#### Input
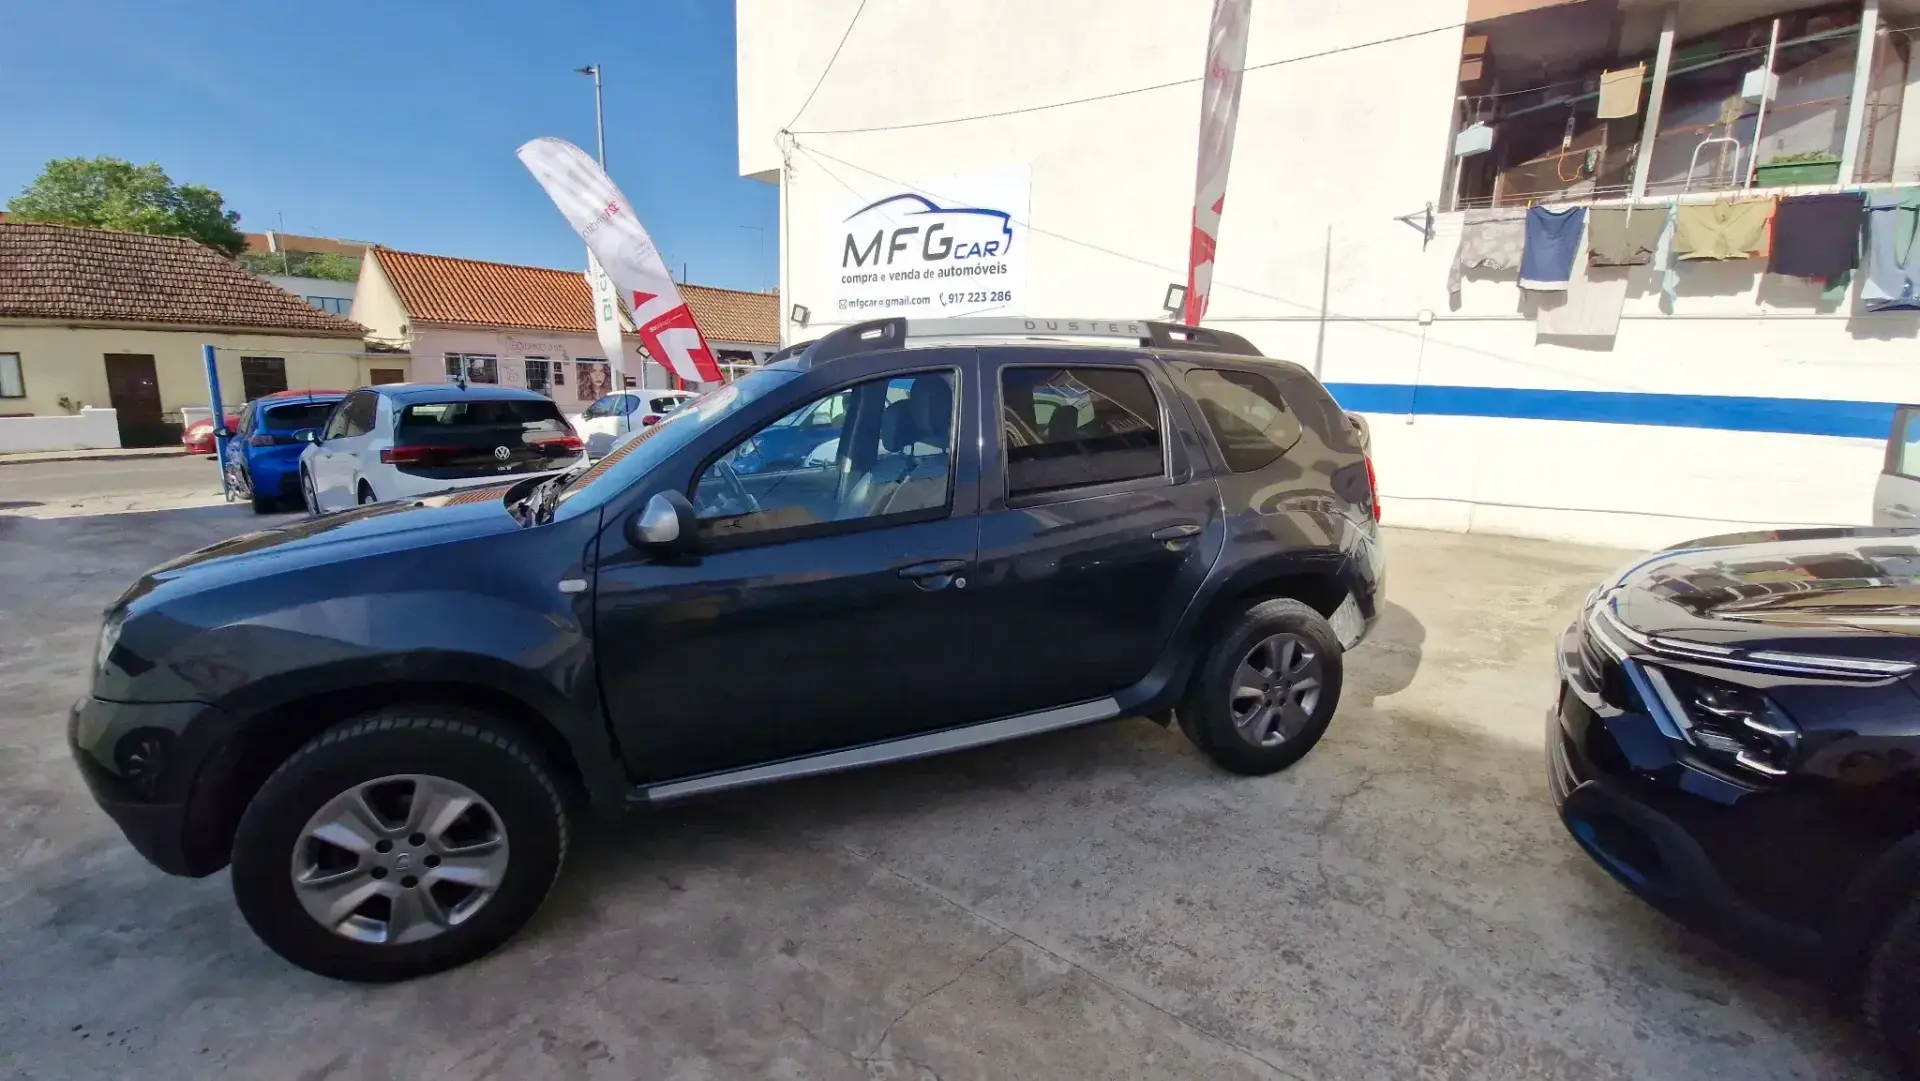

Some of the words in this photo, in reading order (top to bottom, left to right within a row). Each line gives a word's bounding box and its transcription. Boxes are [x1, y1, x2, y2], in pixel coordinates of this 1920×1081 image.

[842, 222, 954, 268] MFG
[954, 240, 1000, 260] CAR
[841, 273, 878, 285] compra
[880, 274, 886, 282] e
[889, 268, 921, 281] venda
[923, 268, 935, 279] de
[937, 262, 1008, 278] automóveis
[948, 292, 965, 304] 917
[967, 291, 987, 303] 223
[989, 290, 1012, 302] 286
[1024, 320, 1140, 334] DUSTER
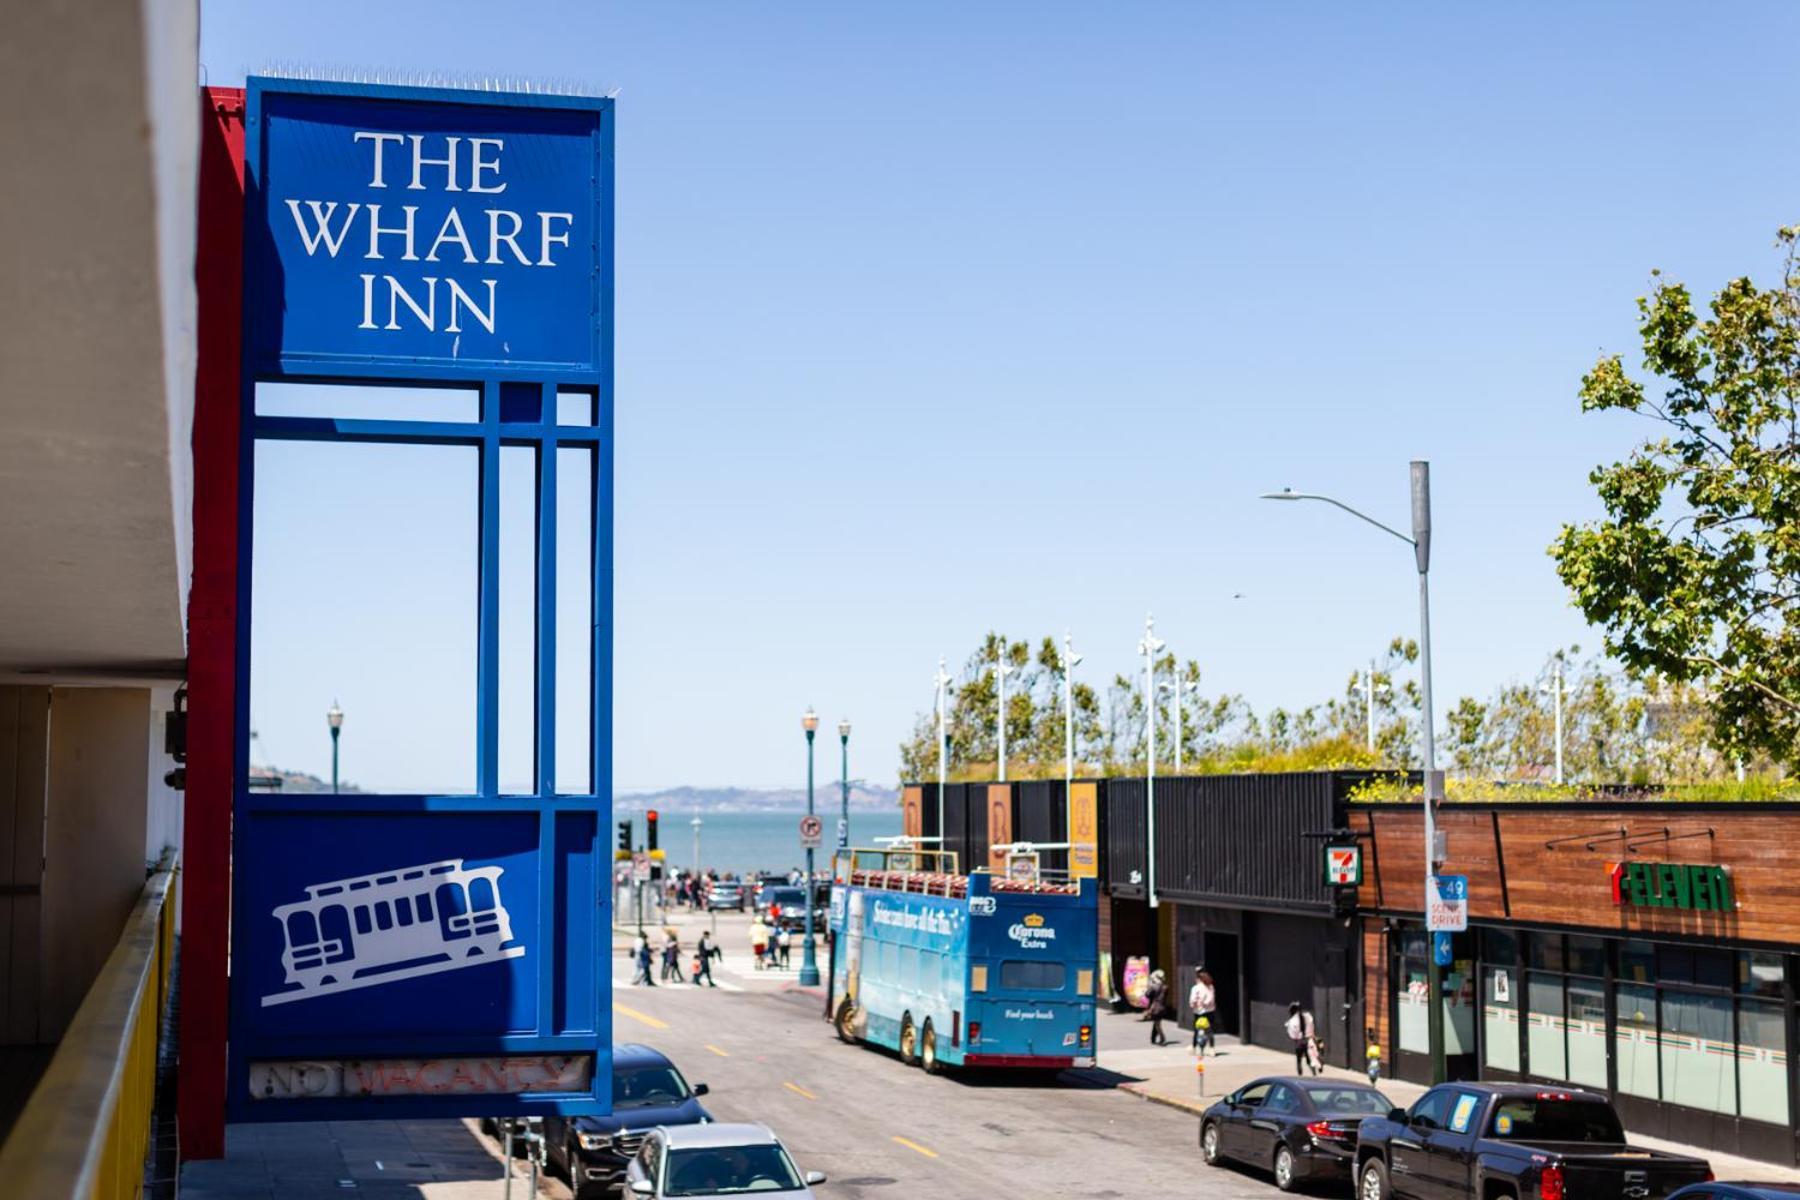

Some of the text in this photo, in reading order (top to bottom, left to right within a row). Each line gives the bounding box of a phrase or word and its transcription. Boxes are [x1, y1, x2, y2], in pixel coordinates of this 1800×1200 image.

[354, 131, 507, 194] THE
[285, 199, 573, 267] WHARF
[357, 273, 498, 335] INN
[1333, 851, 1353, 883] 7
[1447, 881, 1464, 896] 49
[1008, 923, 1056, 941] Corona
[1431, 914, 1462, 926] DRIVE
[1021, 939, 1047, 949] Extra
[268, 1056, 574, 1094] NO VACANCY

#### Instructions to follow
Your answer must be the lines from the one that contains "Some of the text" through the last line of the entries above, copied exactly, with no other lines.

#### Solution for this problem
Some of the text in this photo, in reading order (top to bottom, left to right within a row). Each line gives the bounding box of a phrase or word and its transcription. Boxes are [x1, y1, x2, y2], in pixel coordinates of this 1800×1200 image.

[354, 131, 507, 194] THE
[285, 199, 573, 267] WHARF
[357, 273, 498, 335] INN
[1333, 851, 1353, 883] 7
[1447, 881, 1464, 896] 49
[1008, 923, 1056, 941] Corona
[1431, 914, 1462, 926] DRIVE
[1021, 939, 1047, 949] Extra
[268, 1056, 574, 1094] NO VACANCY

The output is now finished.